Exercise objective
The records below are to be duplicated character for character.

----- Provided data

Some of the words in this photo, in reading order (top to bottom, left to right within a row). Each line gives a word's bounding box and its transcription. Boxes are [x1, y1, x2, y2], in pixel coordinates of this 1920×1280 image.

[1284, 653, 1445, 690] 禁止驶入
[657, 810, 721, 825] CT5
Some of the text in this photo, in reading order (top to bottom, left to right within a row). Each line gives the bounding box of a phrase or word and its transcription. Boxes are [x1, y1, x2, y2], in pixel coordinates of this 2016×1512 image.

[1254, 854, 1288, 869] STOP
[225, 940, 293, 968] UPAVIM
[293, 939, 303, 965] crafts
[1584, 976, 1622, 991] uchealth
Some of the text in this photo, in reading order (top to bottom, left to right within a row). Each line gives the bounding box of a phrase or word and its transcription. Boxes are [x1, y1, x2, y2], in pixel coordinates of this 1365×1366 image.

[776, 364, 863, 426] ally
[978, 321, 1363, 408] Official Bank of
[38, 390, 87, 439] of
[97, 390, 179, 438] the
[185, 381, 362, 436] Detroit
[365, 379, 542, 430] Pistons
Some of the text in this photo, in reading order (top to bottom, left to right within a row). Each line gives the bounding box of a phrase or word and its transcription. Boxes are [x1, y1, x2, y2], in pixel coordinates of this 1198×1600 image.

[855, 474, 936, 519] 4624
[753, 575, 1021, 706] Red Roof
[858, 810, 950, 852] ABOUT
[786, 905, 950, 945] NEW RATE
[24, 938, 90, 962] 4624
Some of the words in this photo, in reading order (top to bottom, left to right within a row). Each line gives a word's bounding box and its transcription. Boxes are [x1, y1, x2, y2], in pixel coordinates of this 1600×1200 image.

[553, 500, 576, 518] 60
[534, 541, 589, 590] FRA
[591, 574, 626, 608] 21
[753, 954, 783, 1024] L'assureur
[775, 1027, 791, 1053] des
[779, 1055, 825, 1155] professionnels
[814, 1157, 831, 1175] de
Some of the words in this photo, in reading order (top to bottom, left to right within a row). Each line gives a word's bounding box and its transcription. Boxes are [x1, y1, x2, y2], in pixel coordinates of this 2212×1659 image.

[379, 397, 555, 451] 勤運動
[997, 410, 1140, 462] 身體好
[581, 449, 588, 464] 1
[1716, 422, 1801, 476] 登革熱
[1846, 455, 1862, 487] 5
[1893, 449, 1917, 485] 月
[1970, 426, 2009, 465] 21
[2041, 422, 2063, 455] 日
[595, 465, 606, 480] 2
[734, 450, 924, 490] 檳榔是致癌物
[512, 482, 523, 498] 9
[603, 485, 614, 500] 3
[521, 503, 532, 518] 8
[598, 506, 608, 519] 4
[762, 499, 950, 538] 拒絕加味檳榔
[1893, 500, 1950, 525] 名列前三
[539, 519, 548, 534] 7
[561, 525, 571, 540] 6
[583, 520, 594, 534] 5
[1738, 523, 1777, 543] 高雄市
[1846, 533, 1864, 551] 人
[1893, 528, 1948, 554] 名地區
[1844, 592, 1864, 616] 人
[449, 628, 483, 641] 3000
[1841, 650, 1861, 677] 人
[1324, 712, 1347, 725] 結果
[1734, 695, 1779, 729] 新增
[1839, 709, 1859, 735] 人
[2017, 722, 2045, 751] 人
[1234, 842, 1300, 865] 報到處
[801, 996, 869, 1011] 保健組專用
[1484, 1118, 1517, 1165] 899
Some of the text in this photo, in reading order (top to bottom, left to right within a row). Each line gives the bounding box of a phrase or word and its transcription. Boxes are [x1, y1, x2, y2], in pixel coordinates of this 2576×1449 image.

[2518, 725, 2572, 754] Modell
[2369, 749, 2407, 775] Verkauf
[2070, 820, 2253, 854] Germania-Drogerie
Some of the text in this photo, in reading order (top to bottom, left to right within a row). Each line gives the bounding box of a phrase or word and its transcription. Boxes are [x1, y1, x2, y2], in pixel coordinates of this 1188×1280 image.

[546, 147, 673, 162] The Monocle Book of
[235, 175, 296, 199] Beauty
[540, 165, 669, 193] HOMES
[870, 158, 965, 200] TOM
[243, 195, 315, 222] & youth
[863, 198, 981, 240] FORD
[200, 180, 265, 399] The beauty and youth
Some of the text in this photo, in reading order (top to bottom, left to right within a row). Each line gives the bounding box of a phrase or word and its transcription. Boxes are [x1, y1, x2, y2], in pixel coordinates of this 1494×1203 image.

----------

Answer
Some of the words in this photo, in reading order (top to bottom, left to right within a row). Each line gives a word's bounding box and its transcription. Boxes are [x1, y1, x2, y2], in pixel coordinates of this 1920×1280 image.

[1284, 653, 1445, 690] 禁止驶入
[657, 810, 721, 825] CT5
Some of the text in this photo, in reading order (top to bottom, left to right within a row). Each line gives the bounding box of a phrase or word and its transcription. Boxes are [x1, y1, x2, y2], in pixel coordinates of this 2016×1512 image.

[1254, 854, 1288, 869] STOP
[225, 940, 293, 968] UPAVIM
[293, 939, 303, 965] crafts
[1584, 976, 1622, 991] uchealth
Some of the text in this photo, in reading order (top to bottom, left to right within a row). Each line gives the bounding box of a phrase or word and its transcription. Boxes are [x1, y1, x2, y2], in pixel coordinates of this 1365×1366 image.

[776, 364, 863, 426] ally
[978, 321, 1363, 408] Official Bank of
[38, 390, 87, 439] of
[97, 390, 179, 438] the
[185, 381, 362, 436] Detroit
[365, 379, 542, 430] Pistons
Some of the text in this photo, in reading order (top to bottom, left to right within a row). Each line gives the bounding box of a phrase or word and its transcription. Boxes are [x1, y1, x2, y2], in pixel coordinates of this 1198×1600 image.

[855, 474, 936, 519] 4624
[753, 575, 1021, 706] Red Roof
[858, 810, 950, 852] ABOUT
[786, 905, 950, 945] NEW RATE
[24, 938, 90, 962] 4624
Some of the words in this photo, in reading order (top to bottom, left to right within a row). Each line gives a word's bounding box and its transcription. Boxes are [x1, y1, x2, y2], in pixel coordinates of this 1600×1200 image.

[553, 500, 576, 518] 60
[534, 541, 589, 590] FRA
[591, 574, 626, 608] 21
[753, 954, 783, 1024] L'assureur
[775, 1027, 791, 1053] des
[779, 1055, 825, 1155] professionnels
[814, 1157, 831, 1175] de
Some of the words in this photo, in reading order (top to bottom, left to right within a row). Each line gives a word's bounding box and its transcription. Boxes are [x1, y1, x2, y2], in pixel coordinates of this 2212×1659 image.

[379, 397, 555, 451] 勤運動
[997, 410, 1140, 462] 身體好
[581, 449, 588, 464] 1
[1716, 422, 1801, 476] 登革熱
[1846, 455, 1862, 487] 5
[1893, 449, 1917, 485] 月
[1970, 426, 2009, 465] 21
[2041, 422, 2063, 455] 日
[595, 465, 606, 480] 2
[734, 450, 924, 490] 檳榔是致癌物
[512, 482, 523, 498] 9
[603, 485, 614, 500] 3
[521, 503, 532, 518] 8
[598, 506, 608, 519] 4
[762, 499, 950, 538] 拒絕加味檳榔
[1893, 500, 1950, 525] 名列前三
[539, 519, 548, 534] 7
[561, 525, 571, 540] 6
[583, 520, 594, 534] 5
[1738, 523, 1777, 543] 高雄市
[1846, 533, 1864, 551] 人
[1893, 528, 1948, 554] 名地區
[1844, 592, 1864, 616] 人
[449, 628, 483, 641] 3000
[1841, 650, 1861, 677] 人
[1324, 712, 1347, 725] 結果
[1734, 695, 1779, 729] 新增
[1839, 709, 1859, 735] 人
[2017, 722, 2045, 751] 人
[1234, 842, 1300, 865] 報到處
[801, 996, 869, 1011] 保健組專用
[1484, 1118, 1517, 1165] 899
Some of the text in this photo, in reading order (top to bottom, left to right within a row). Each line gives the bounding box of a phrase or word and its transcription. Boxes are [x1, y1, x2, y2], in pixel coordinates of this 2576×1449 image.

[2518, 725, 2572, 754] Modell
[2369, 749, 2407, 775] Verkauf
[2070, 820, 2253, 854] Germania-Drogerie
Some of the text in this photo, in reading order (top to bottom, left to right within a row). Each line gives the bounding box of a phrase or word and its transcription. Boxes are [x1, y1, x2, y2], in pixel coordinates of this 1188×1280 image.

[546, 147, 673, 162] The Monocle Book of
[235, 175, 296, 199] Beauty
[540, 165, 669, 193] HOMES
[870, 158, 965, 200] TOM
[243, 195, 315, 222] & youth
[863, 198, 981, 240] FORD
[200, 180, 265, 399] The beauty and youth
Some of the text in this photo, in reading order (top to bottom, left to right within a row). Each line gives the bounding box of a phrase or word and its transcription. Boxes are [x1, y1, x2, y2], in pixel coordinates of this 1494×1203 image.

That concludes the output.